Among the 48 dead Ugandans, 35 were women and 13 men and most of them were pushed to suicide by the treatment from their bosses. Among the countries where the 48 Ugandans died included; Kuwait, Bahrain and Oman.
In April this year, six Ugandan women, working as housemaids in different towns of the Middle East country of Oman, revealed to Daily Monitor that they had been confined by their employment agents in a private facility for several months undergoing torment.
The women said they were suffering strange illnesses but there was no medication guaranteed for them.
But what about those accepted countries?
A 31-year-old woman Juliet Nakiyimba, left Uganda for greener pastures in Jordan, but within a month’s stay, she had her kidneys removed and body repatriated to Uganda to the shock of her family members.
To Moses Nyakana, his wife and mother of five, Juliet Nakiyimba, had left their home in Kigagga zone in Makindye to attend to her sick parents but the story changed a month later when he was informed his wife was seriously sick and needed to be repatriated from Jordan.
Questions started lingering in Nyakana’s mind because he didn’t know how the wife who had gone to take care of her parents had ended up in Jordan, which is many miles away from their marital home in Makindye.

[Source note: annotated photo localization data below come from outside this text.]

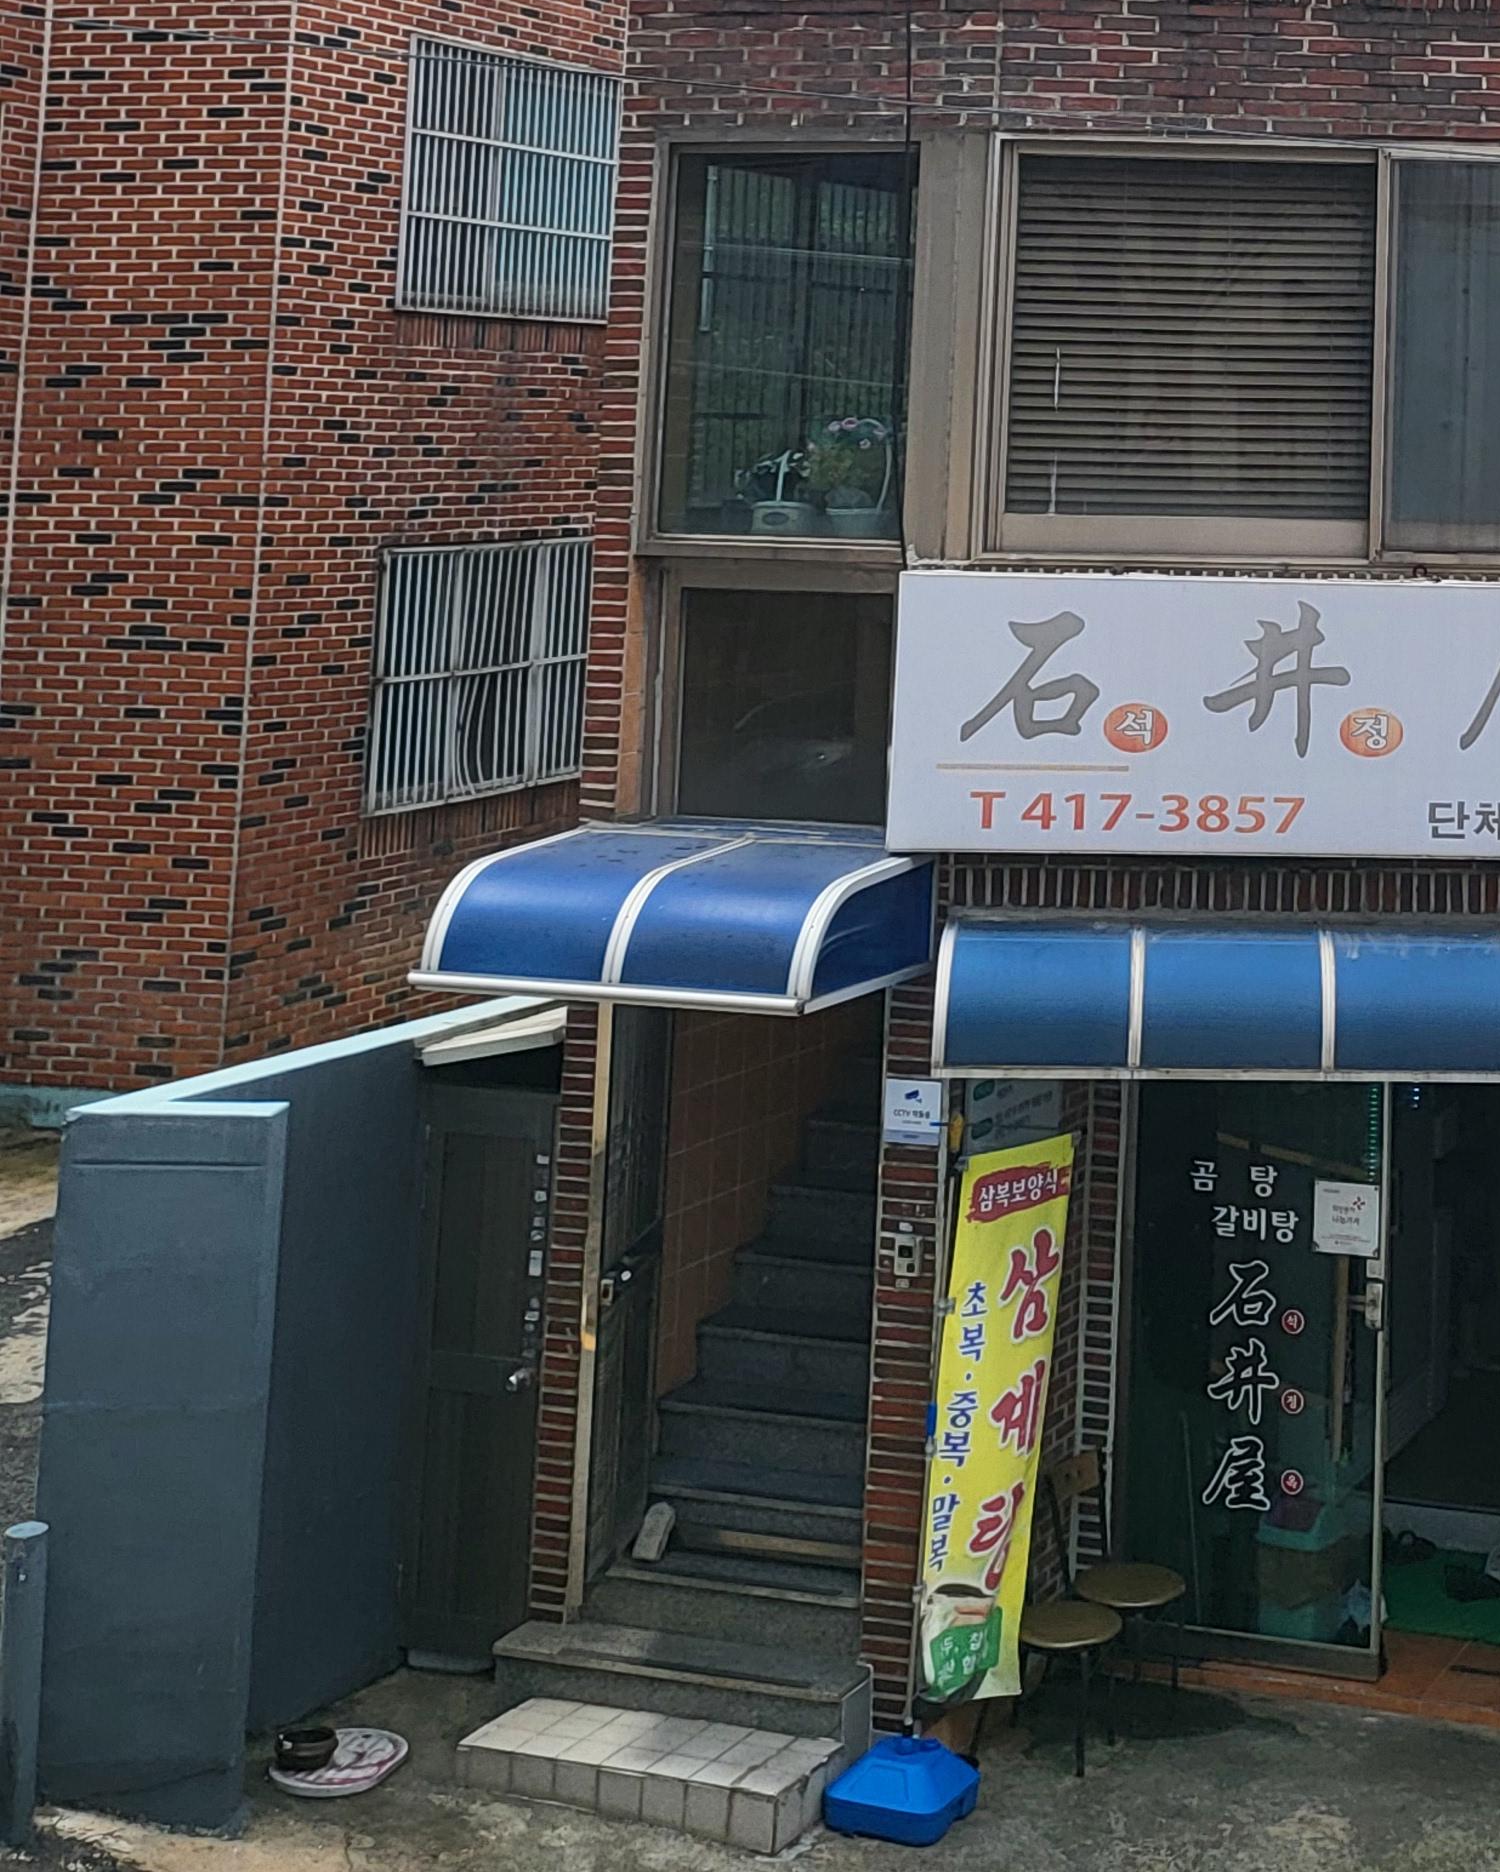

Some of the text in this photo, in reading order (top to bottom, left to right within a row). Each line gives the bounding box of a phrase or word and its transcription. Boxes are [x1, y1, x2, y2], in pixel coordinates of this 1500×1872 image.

[1115, 709, 1154, 746] 석
[1350, 713, 1389, 752] 정
[970, 790, 1307, 835] T 417-3857
[978, 1167, 1059, 1213] 삼복보양식
[1211, 1205, 1300, 1244] 갈비탕

The unsuspecting husband would later call to establish whether she had reached safely but he attempts to reach Nakiyimba were futile because his number had been blacklisted.
It is alleged that Nyakana would after a few weeks be sent voice notes and WhatsApp messages by Nakiyimba to confirm to him that she had flown out of the country and that she had reached abroad safely for greener pastures.

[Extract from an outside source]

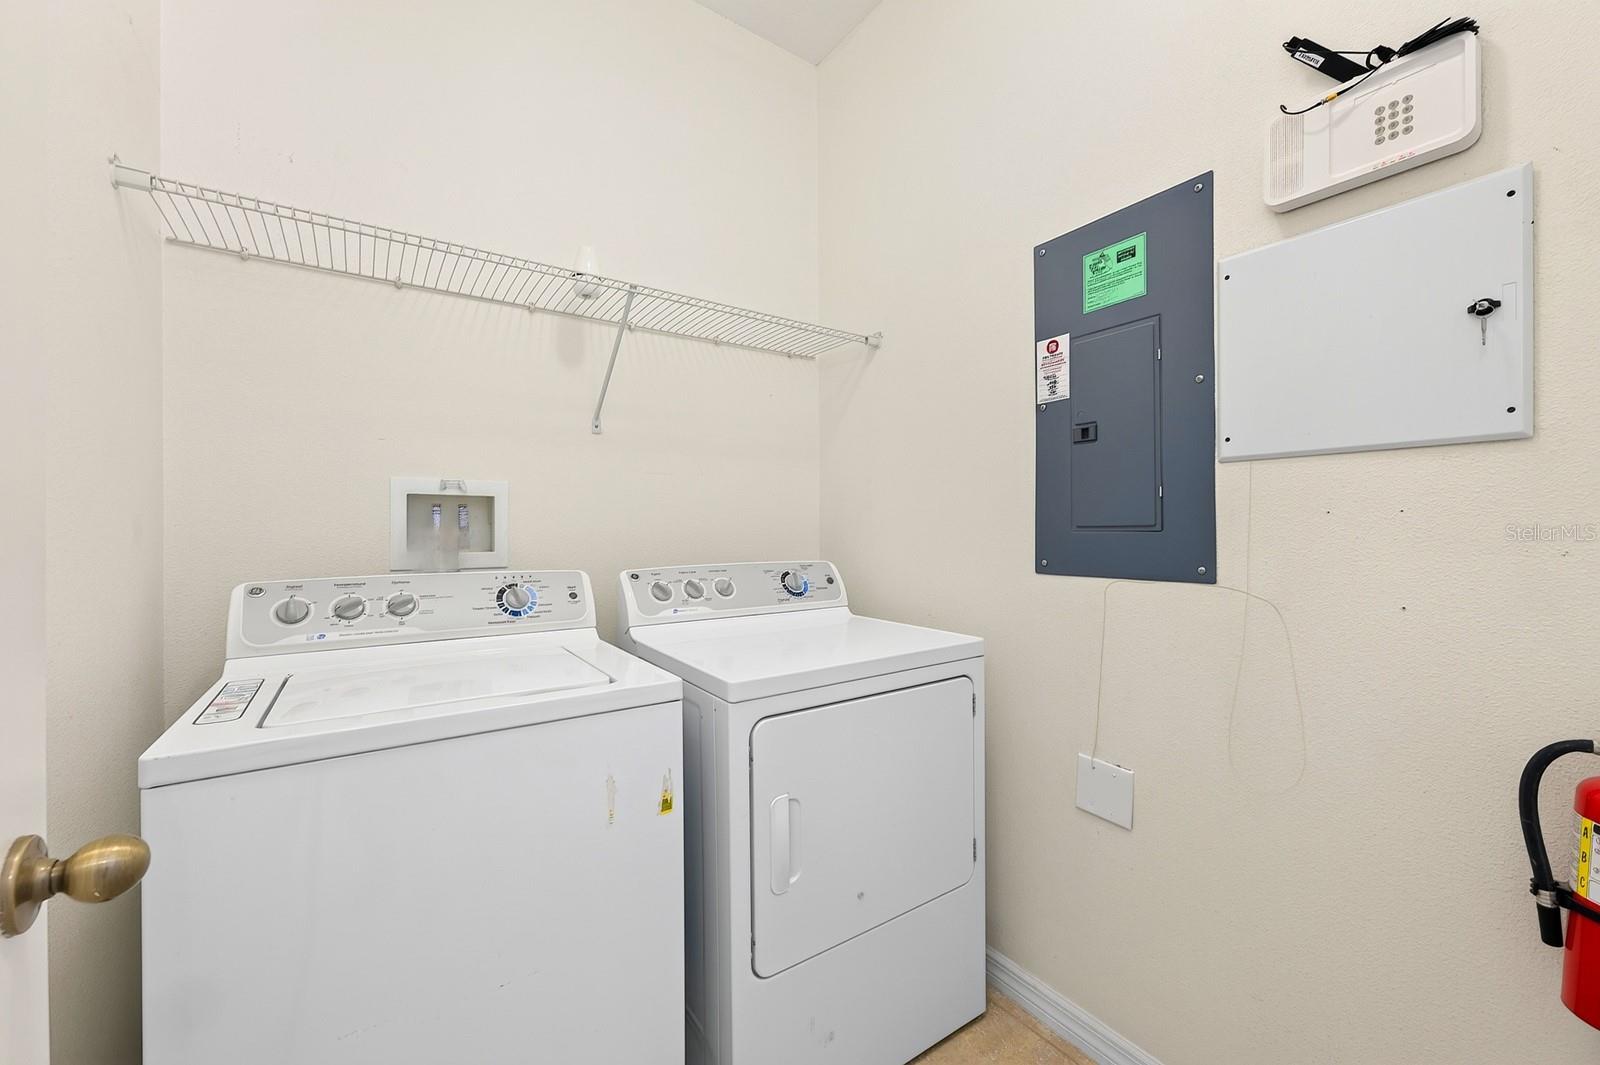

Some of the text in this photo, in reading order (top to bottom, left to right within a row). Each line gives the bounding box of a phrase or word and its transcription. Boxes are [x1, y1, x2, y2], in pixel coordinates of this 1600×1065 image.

[1580, 827, 1588, 888] A B C

According to Nyakana, things changed when he received a call in September from an unknown person informing him that his wife was very ill and was to be repatriated back, a call he never took serious because she had spent barely a month.
He was then called the second time by another anonymous person who told him that the deceased was mentally ill and had committed suicide by jumping through a window of a five storied building.
It is then that Nyakana reported the matter to police in a bid to establish the name of the company through which his wife was flown abroad.
It was established that Nakiyimba had been trafficked to Jordan in August through Rwanda by Al Saudi Agency, located along Salaama road.
According to the death certificate issued by Jordan’s ministry of interior, Civil Status and Passport, Nakiyimba died on September, 4, 2018 in the capital Amman before her body was repatriated on September 24.
The post mortem reports confirmed that two of the deceased’s kidneys had been removed a condition that may have resulted into her sudden death.
How do Ugandans end up in Arab countries?
On all occasions, the trafficking is done in syndicates between local agents, conduit country (especially Kenya) and the destinations especially Middle East countries.
Agents from destination countries pay for recruitment, transportation, travel documents and hiding places along the way before their ‘goods’ reach the desired destination.
Agents abroad spot the jobs and those in Uganda do the recruitment through opening up Facebook accounts and running google adverts to hook desperate clients.
On many occasions, the victims don’t have information about the kind of ‘jobs’ they are to be offered while in Middle East but because of being desperate, they accept to be flown abroad for ‘work’.
On reaching to Middle East countries, the lucky are offered jobs that mainly include being house maids but are overworked, underpaid and also sexually harassed and most of them end up committing suicide.
Meanwhile, the unlucky ones like Nakiyimba end up being sold for their internal organs like kidneys and liver among others to be removed.
The annual crime report released recently indicated that crimes related to trafficking of persons had increased by 41.6 percent from 125 registered in 2016 to 177 cases reported to police in 2017.
These numbers however don’t include cases of human trafficking not reported to police but actually happened.
According to police, over 50 people are trafficked from Uganda every day.